Канареечное счастье
Шрифт:
«Плохо дело», — подумал Клочков, хватаясь за спинку кровати. Вся комната шаталась, подобно корабельной каюте.
— Плохо дело, — повторил он уже вслух и поразился слабости собственного голоса.
Тускло блестел комод полированным закругленным краем; желтый китаец со старой чайницы улыбался слащаво и равнодушно. В просыпающейся улице за окном хлопали по асфальту деревянные сандалии пешеходов. Клочкову стало страшно в этой комнате, где все притаилось вокруг и молчало. Даже мышь, постоянная утренняя гостья, не скреблась под кушеткой, должно быть, и она умерла. Уйти?.. Бежать?.. Но ведь и бежать-то некуда. Повсюду встречала его
Раздумывая, одевался.
«Надо достать хлеба, — думал Клочков. — Хотя бы краюху. Где бы ее, однако, достать? Разве что у Филиппа, университетского сторожа? Старик теперь жил в достатке — ему помогали родственники, привозя из деревни продукты. Кстати, Филипп давно приглашал его зайти как-нибудь покалякать».

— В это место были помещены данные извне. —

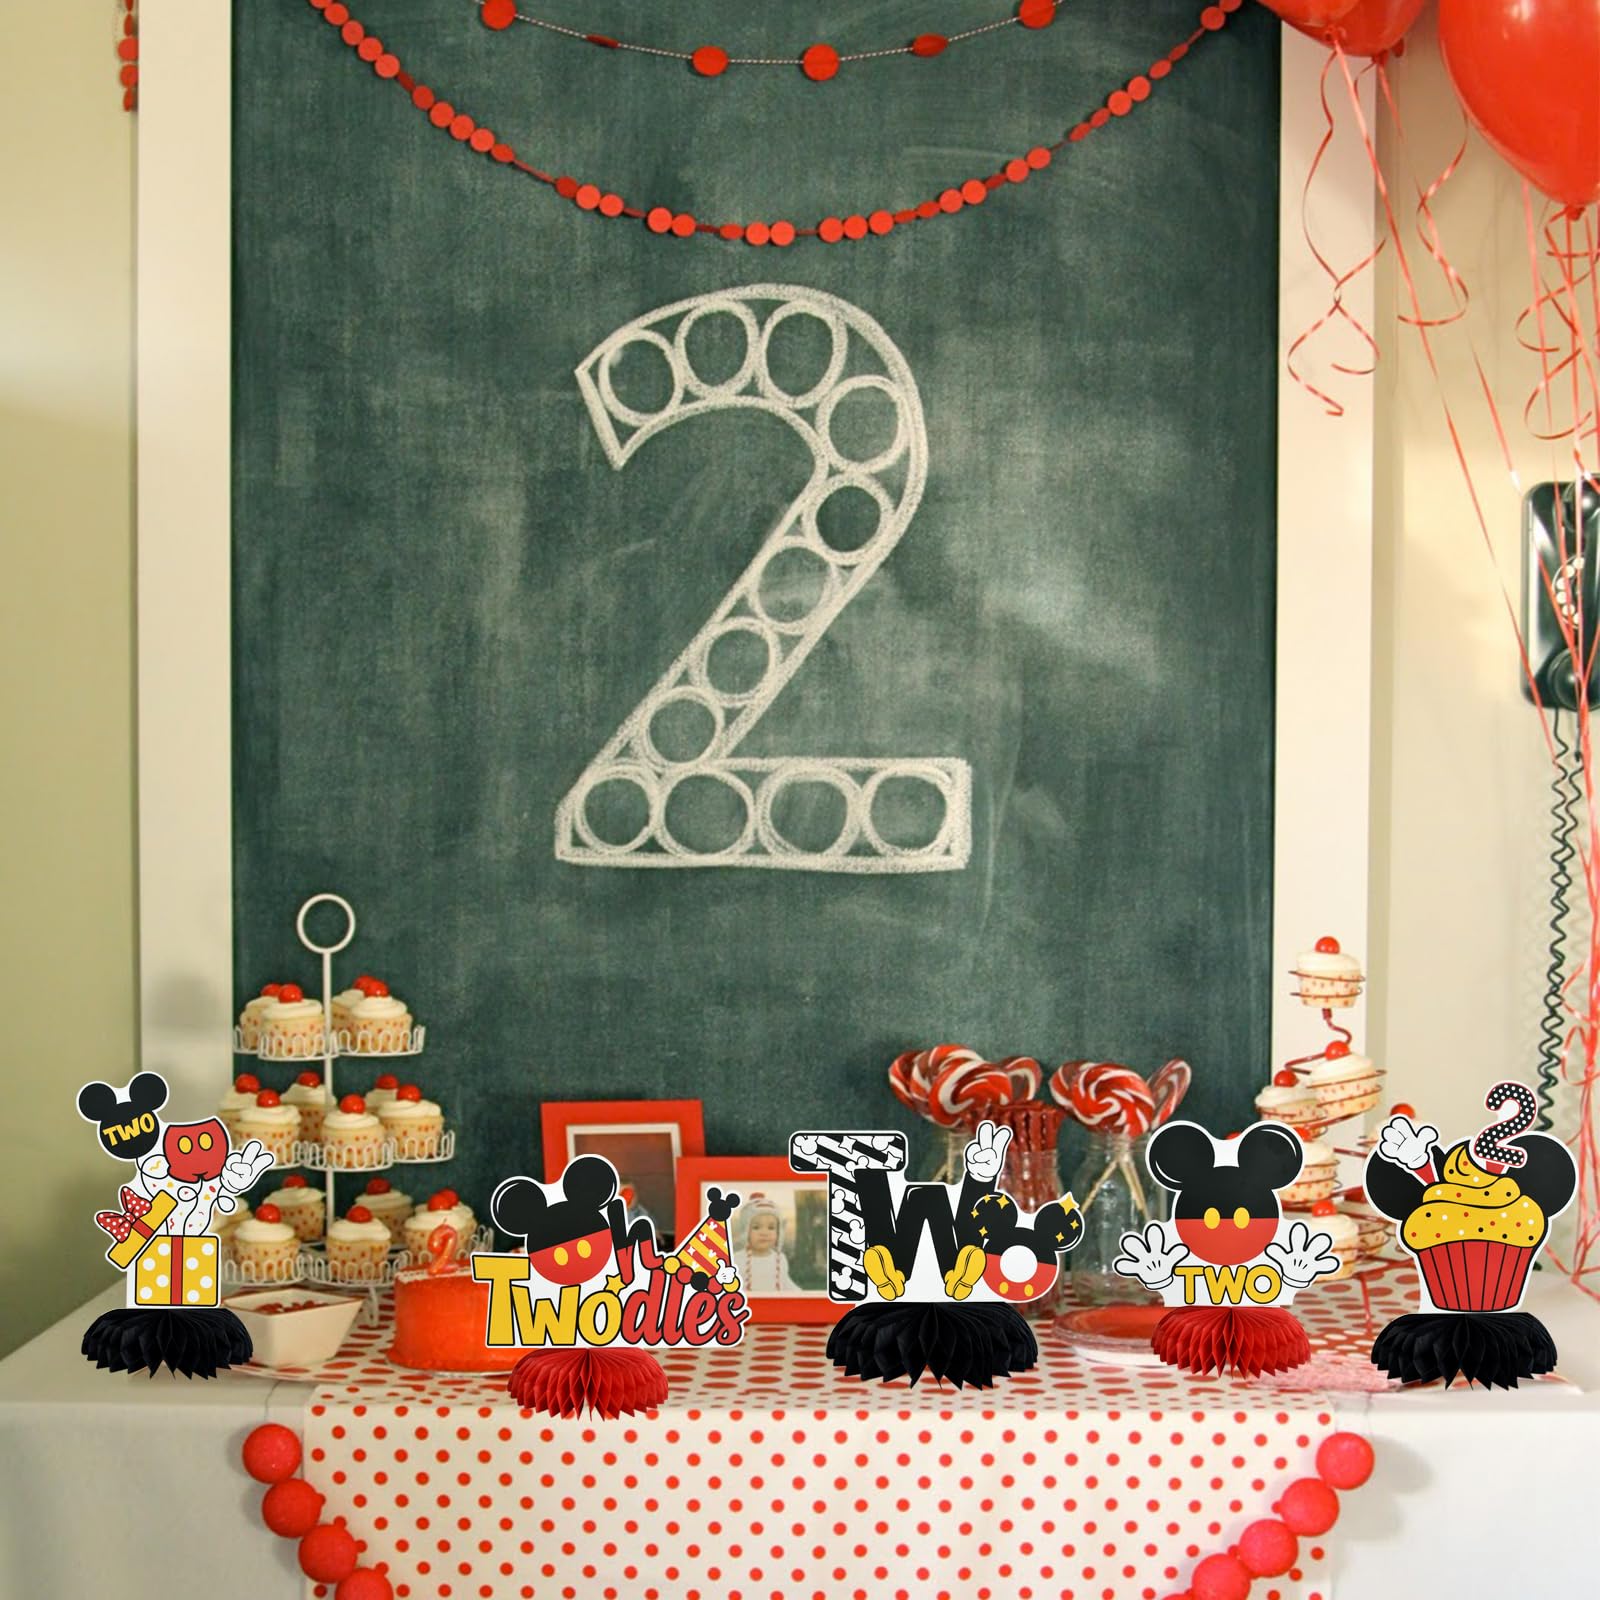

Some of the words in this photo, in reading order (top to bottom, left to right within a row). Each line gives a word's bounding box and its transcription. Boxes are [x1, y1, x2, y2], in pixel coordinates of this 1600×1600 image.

[554, 283, 972, 875] 2
[102, 1112, 155, 1147] TWO
[1473, 1082, 1536, 1167] 2
[1174, 1265, 1283, 1304] TWO

Кирпичное лицо сторожа вычертилось в углу комнаты неясным силуэтом.
— Пойду к Филиппу! — решил, наконец, Клочков. — Оттуда и карусель рукой достать, да и перекусить что-нибудь удастся.
Торопливо повязал вокруг шеи лоскут материи, заменявший ему галстук, и, надвинув до бровей старую соломенную шляпу, вышел на улицу. На секунду ослепило солнце. Дома, тротуары, деревья окрасились фиолетовой краской. Пахнуло в лицо акацией. У районного парткома на Октябрьской увидел редкую толпу.
«Митинг», — подумал Клочков и хотел повернуть направо. Чья-то рука потянула его за рукав пиджака, и голос, странно знакомый, окликнул по имени:
— Не узнаете, Николай Петрович?
Клочков оглянулся. Перед ним стояла маленькая, робко улыбающаяся женщина в наброшенном на плечи вылинявшем зеленоватом платке. Лицо ее, еще нестарое и миловидное, поражало худобой и желтизной. Рваная кофта придавала ей убогий вид, и только глаза, глубоко сидящие в орбитах, сияли молодо и задорно.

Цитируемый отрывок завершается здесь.